Stored items
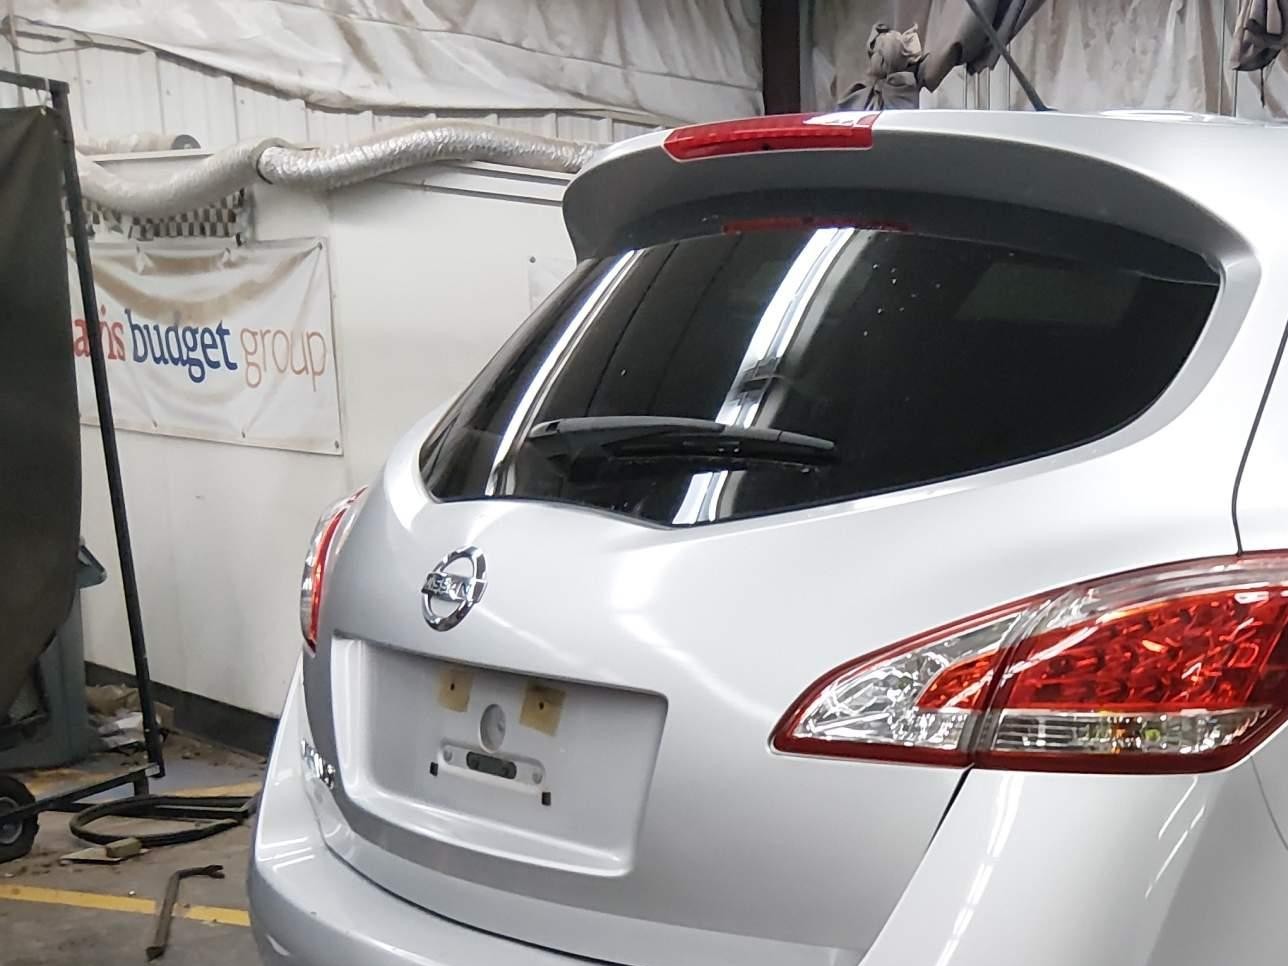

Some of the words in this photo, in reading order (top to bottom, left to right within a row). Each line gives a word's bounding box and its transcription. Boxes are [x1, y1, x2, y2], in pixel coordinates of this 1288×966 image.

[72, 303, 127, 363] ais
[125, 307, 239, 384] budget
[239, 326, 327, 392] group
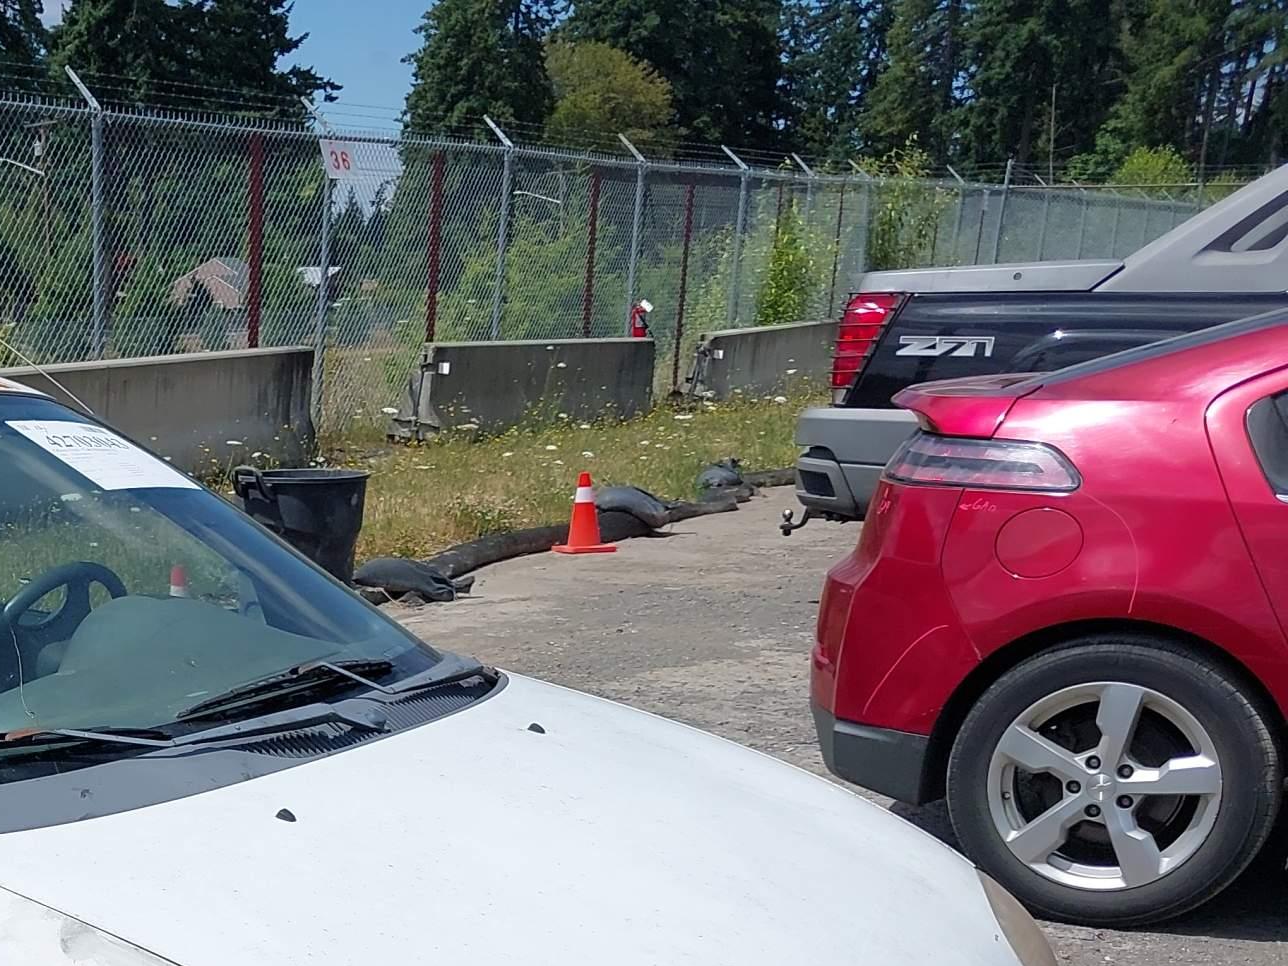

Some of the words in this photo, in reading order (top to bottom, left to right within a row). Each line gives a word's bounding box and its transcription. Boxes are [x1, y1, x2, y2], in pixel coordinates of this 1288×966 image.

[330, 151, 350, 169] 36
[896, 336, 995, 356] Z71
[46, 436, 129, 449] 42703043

Your goal: Transcribe the entries above verbatim, excluding any image.

Result:
Some of the words in this photo, in reading order (top to bottom, left to right within a row). Each line gives a word's bounding box and its transcription. Boxes are [x1, y1, x2, y2], in pixel coordinates of this 1288×966 image.

[72, 303, 127, 363] ais
[125, 307, 239, 384] budget
[239, 326, 327, 392] group

Some of the words in this photo, in reading order (top to bottom, left to right within a row). Each line gives a word's bounding box and its transcription. Boxes are [x1, y1, x2, y2], in pixel coordinates of this 1288×966 image.

[330, 151, 350, 169] 36
[896, 336, 995, 356] Z71
[46, 436, 129, 449] 42703043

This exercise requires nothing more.